_Records for processing_
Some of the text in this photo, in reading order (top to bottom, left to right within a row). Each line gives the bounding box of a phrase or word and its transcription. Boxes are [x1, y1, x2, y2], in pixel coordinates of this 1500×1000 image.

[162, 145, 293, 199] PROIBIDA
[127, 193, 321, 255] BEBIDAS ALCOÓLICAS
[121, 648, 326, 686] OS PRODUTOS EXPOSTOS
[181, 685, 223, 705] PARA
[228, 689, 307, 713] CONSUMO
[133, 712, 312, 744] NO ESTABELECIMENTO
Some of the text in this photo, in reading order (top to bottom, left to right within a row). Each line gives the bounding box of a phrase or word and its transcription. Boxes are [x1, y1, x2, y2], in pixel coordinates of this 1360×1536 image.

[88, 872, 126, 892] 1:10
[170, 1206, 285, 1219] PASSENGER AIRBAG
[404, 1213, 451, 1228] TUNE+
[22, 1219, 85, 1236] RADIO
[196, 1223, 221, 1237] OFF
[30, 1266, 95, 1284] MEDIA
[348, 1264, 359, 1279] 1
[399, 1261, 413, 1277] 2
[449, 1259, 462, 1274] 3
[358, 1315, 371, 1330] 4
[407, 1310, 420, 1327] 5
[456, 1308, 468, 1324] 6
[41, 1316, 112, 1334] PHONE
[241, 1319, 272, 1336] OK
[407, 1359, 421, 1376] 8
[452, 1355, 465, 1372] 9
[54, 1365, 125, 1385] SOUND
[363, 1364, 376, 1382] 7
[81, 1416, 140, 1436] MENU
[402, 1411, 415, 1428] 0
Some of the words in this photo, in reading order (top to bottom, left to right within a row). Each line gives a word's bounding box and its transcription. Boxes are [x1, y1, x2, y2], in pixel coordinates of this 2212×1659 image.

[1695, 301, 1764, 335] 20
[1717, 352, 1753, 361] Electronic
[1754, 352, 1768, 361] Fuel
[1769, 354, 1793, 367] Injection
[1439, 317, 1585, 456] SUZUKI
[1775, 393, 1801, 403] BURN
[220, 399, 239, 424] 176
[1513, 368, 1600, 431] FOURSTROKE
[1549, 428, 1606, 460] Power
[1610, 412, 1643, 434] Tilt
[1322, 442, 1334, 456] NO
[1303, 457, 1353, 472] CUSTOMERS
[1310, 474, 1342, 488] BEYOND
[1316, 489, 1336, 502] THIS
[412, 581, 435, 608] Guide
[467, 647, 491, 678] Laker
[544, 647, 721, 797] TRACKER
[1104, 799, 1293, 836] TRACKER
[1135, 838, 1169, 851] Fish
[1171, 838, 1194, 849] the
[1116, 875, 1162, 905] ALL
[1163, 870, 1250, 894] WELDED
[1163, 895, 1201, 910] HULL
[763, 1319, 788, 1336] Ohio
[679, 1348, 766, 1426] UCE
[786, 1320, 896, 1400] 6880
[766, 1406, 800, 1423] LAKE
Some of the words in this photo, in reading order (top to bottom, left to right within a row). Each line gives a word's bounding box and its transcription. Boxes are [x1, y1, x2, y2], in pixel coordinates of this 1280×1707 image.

_Aim of the task_
Transcribe all the data word for word, as it appears above.

_Response area_
Some of the text in this photo, in reading order (top to bottom, left to right within a row). Each line gives the bounding box of a phrase or word and its transcription. Boxes are [x1, y1, x2, y2], in pixel coordinates of this 1500×1000 image.

[162, 145, 293, 199] PROIBIDA
[127, 193, 321, 255] BEBIDAS ALCOÓLICAS
[121, 648, 326, 686] OS PRODUTOS EXPOSTOS
[181, 685, 223, 705] PARA
[228, 689, 307, 713] CONSUMO
[133, 712, 312, 744] NO ESTABELECIMENTO
Some of the text in this photo, in reading order (top to bottom, left to right within a row). Each line gives the bounding box of a phrase or word and its transcription. Boxes are [x1, y1, x2, y2], in pixel coordinates of this 1360×1536 image.

[88, 872, 126, 892] 1:10
[170, 1206, 285, 1219] PASSENGER AIRBAG
[404, 1213, 451, 1228] TUNE+
[22, 1219, 85, 1236] RADIO
[196, 1223, 221, 1237] OFF
[30, 1266, 95, 1284] MEDIA
[348, 1264, 359, 1279] 1
[399, 1261, 413, 1277] 2
[449, 1259, 462, 1274] 3
[358, 1315, 371, 1330] 4
[407, 1310, 420, 1327] 5
[456, 1308, 468, 1324] 6
[41, 1316, 112, 1334] PHONE
[241, 1319, 272, 1336] OK
[407, 1359, 421, 1376] 8
[452, 1355, 465, 1372] 9
[54, 1365, 125, 1385] SOUND
[363, 1364, 376, 1382] 7
[81, 1416, 140, 1436] MENU
[402, 1411, 415, 1428] 0
Some of the words in this photo, in reading order (top to bottom, left to right within a row). Each line gives a word's bounding box and its transcription. Boxes are [x1, y1, x2, y2], in pixel coordinates of this 2212×1659 image.

[1695, 301, 1764, 335] 20
[1717, 352, 1753, 361] Electronic
[1754, 352, 1768, 361] Fuel
[1769, 354, 1793, 367] Injection
[1439, 317, 1585, 456] SUZUKI
[1775, 393, 1801, 403] BURN
[220, 399, 239, 424] 176
[1513, 368, 1600, 431] FOURSTROKE
[1549, 428, 1606, 460] Power
[1610, 412, 1643, 434] Tilt
[1322, 442, 1334, 456] NO
[1303, 457, 1353, 472] CUSTOMERS
[1310, 474, 1342, 488] BEYOND
[1316, 489, 1336, 502] THIS
[412, 581, 435, 608] Guide
[467, 647, 491, 678] Laker
[544, 647, 721, 797] TRACKER
[1104, 799, 1293, 836] TRACKER
[1135, 838, 1169, 851] Fish
[1171, 838, 1194, 849] the
[1116, 875, 1162, 905] ALL
[1163, 870, 1250, 894] WELDED
[1163, 895, 1201, 910] HULL
[763, 1319, 788, 1336] Ohio
[679, 1348, 766, 1426] UCE
[786, 1320, 896, 1400] 6880
[766, 1406, 800, 1423] LAKE
Some of the words in this photo, in reading order (top to bottom, left to right within a row). Each line gives a word's bounding box and its transcription. Boxes are [x1, y1, x2, y2], in pixel coordinates of this 1280×1707 image.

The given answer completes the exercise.